Eddy nodded. Mort was holding in a lung full of smoke.

“You know how they’re always on us to read the Bible?” Wayne asked.

“Yeah?” I said. I wondered where he was going with this.

“Well I went one better,” Wayne said. “I read about the Bible. That incense Aaron made for the Tabernacle in the book of Exodus? It included cannabis. So Morton made us our own pipe. God, I haven’t smoked since the commune.”

Wayne passed me the pipe. It has been ages since we got high together, hasn’t it Helen? The Woodstock generation was calling me back.

“Sure,” I said. Casiel brought out something of the rebel in me. As I waited for the high to hit me, I looked up again. I like looking at the stars and gas smeared across the sky. No wonder the ancients called it the Milky Way.

Eddy saw where I was looking, exhaled a stream of smoke, and said, “Can you spot the Big Dipper?”

I couldn’t. It shouldn’t have been that hard. I was beginning to think it was because we where high.

“The Pleiades then?” Wayne asked.

“Who are the Pleiades?” Mort asked. He had also brought a mason jar of something to drink, and began offering it around.

“What’s this?” I asked.

“Something you thought you’d never see again,” said Eddy

“A jar?”

Mort rolled his eyes and slipped a small bottle from an inside pocket. I could see a clear fluid inside. He pulled a cork out and handed it to me. “Drink deep,” he said. I got it half way to my face and could smell the alcohol.


“200 Proof,” Mort said.

I took a sip and gasped. I couldn’t stop coughing for a long time while the vodka burned my insides from my throat to my guts.

“Shit, that was strong,” I croaked, eyes watering.

Mort smiled. “I’ve been working part time at the hardware after we finish on the crater. I take small stuff home no questions. For bigger stuff, I wait until we close, come back, and take what I want. Tillie never says anything.”

“She has to know, doesn’t she?”

“Sure she knows,” Eddy said. “You couldn’t take a nail out of there and she wouldn’t know it.”

“That’s theft.”

“Nah,” Mort said. “She never charges people if they don’t have money.”

“You’re supposed to ask, Mort.”

“Don’t lecture us, Meteor Man,” Eddy said. “We took a few parts for a still. You blew a fuckin’ mile-wide crater in the ground. Fuck her anyway. Fuck you, too.”

“The Seven Sisters,” Wayne said.

“What?” I asked.

“We were talking about the Pleiades,” Wayne said.

I passed on a second sip from the bottle.

“So what?” Mort asked. He took a long swig, and some of it flowed down his chin.

“Simple, Mort my boy,” Eddy said, “the night sky is wrong.” Eddy seemed to take this seriously. Like he was mad about it.

“The constellations are shifted,” Wayne said.

“Right,” Eddy said. “I’ll lay it out for ya, Mort. None of us witnessed the so called Apocalypse, right? Who knows how long things went on. Just how long do you think it’s been, Meteor Man?”

“No idea. There’s a Region 2021 down the line, but no one will say if there’s another after that.”

“Or another, and another? We have no idea how long things went on. Wayne says at least 13,000 years. Maybe it’s 26,000? 130,000? Maybe these Zoës are evolved humans. We could be as out of date as a cave man. What would a cave man think if he witnessed the Trinity a-bomb test? Saw a B2 stealth bomber on a low flyby? Hell, five minutes of Maude would have him kissing your feet.”

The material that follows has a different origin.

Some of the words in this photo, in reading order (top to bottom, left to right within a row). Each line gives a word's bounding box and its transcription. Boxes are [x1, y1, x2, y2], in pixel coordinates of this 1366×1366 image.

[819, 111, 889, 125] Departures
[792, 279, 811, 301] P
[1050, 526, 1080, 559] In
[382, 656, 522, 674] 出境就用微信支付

“And begging for mercy,” Wayne said.

Mort drained the last of the bottle into his mouth then filled the bowl again. I decided I’d had enough.

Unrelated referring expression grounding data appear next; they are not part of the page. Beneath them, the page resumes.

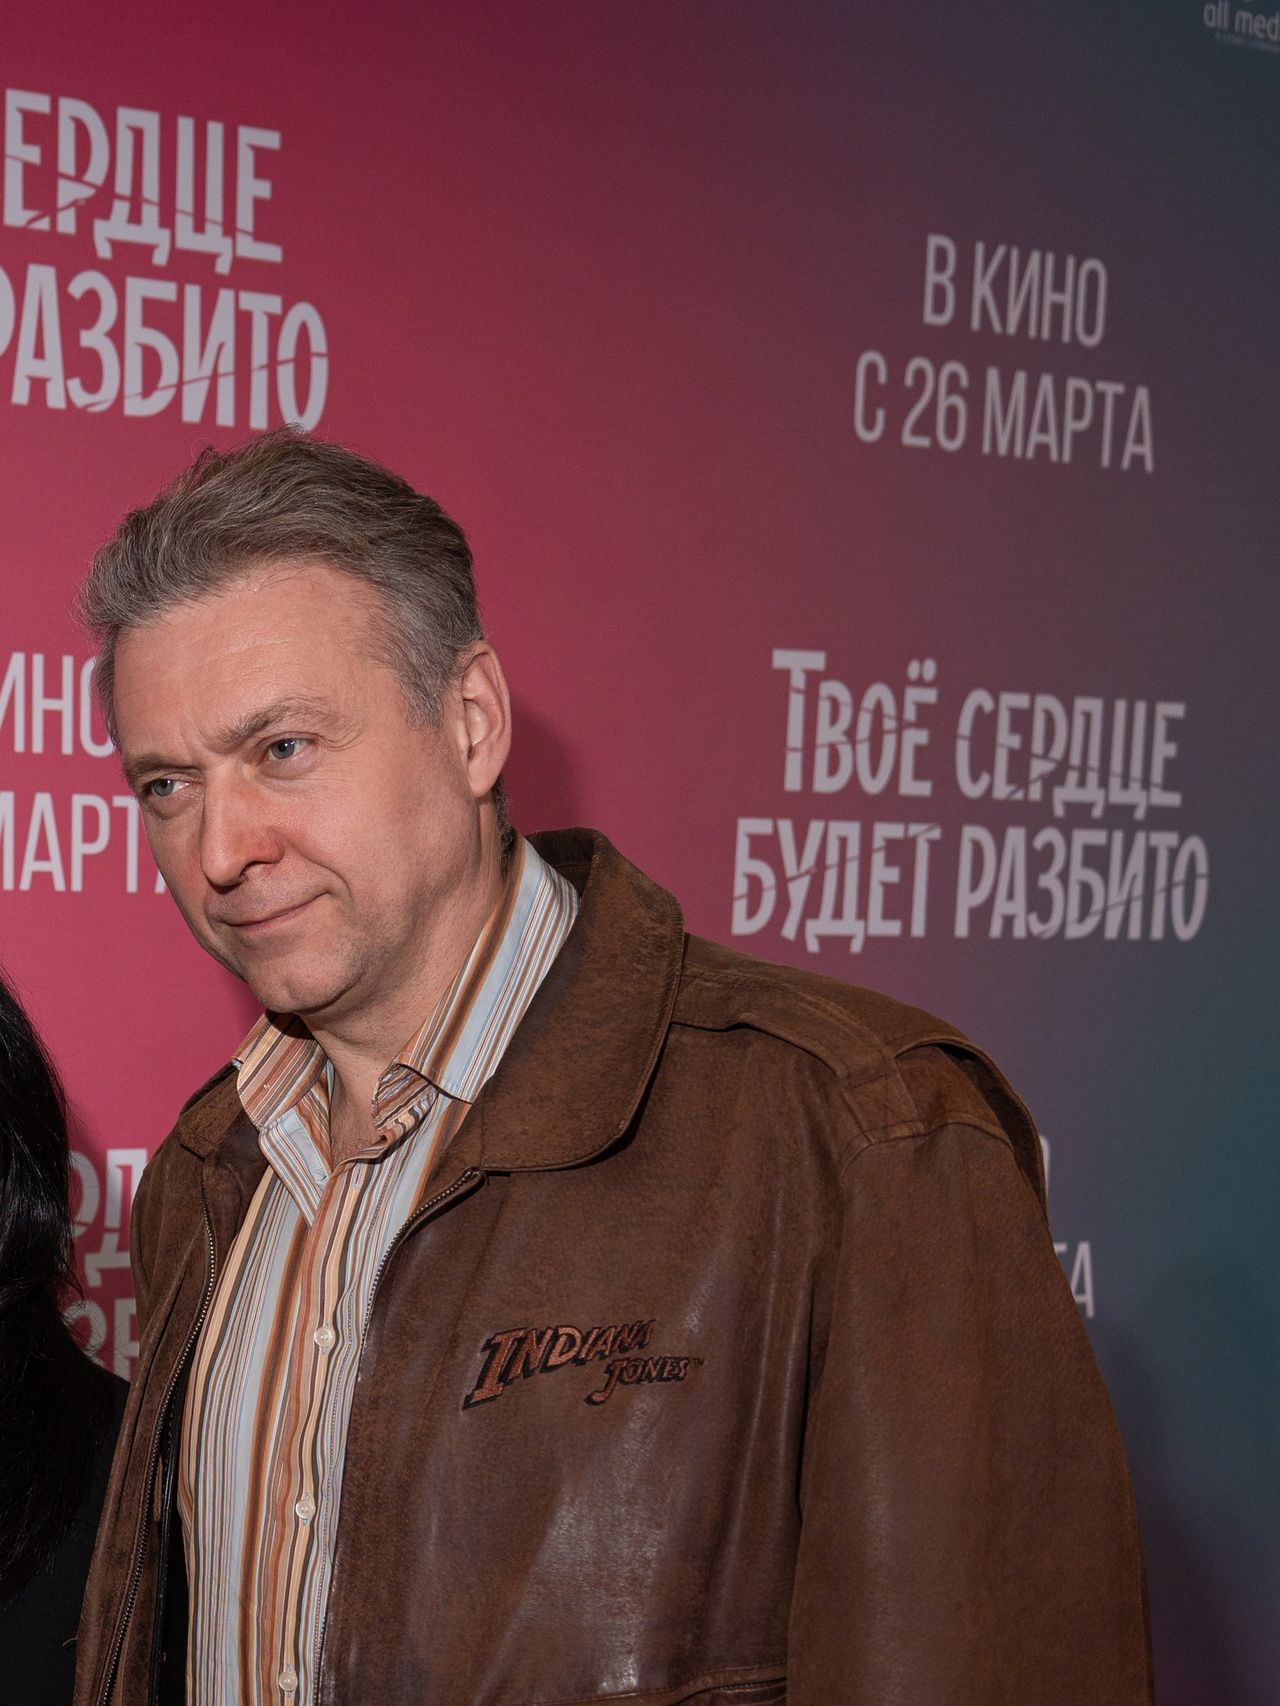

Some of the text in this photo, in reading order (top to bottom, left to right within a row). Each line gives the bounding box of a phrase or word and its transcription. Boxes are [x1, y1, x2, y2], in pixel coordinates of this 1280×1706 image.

[923, 233, 1107, 348] В КИНО
[853, 350, 1154, 473] С 26 МАРТА
[772, 648, 1186, 820] ТВОЁ СЕРДЦЕ
[731, 817, 1209, 953] БУДЕТ РАЗБИТО
[461, 1318, 656, 1411] INDIANA

“Or maybe,” Eddy said, “these Zoës aren’t evolved humans. Maybe they aren’t human at all. Do you see any Zoës here at the dance? Do you ever see any of them at any of the dances? Concerts? Gallery openings? Poetry readings? Hell, game nights even? Socializing in any way? If they’re human, why won’t they mix with us? Ever think about that? Hell, maybe we’ve been kidnapped. Where in the galaxy are we?”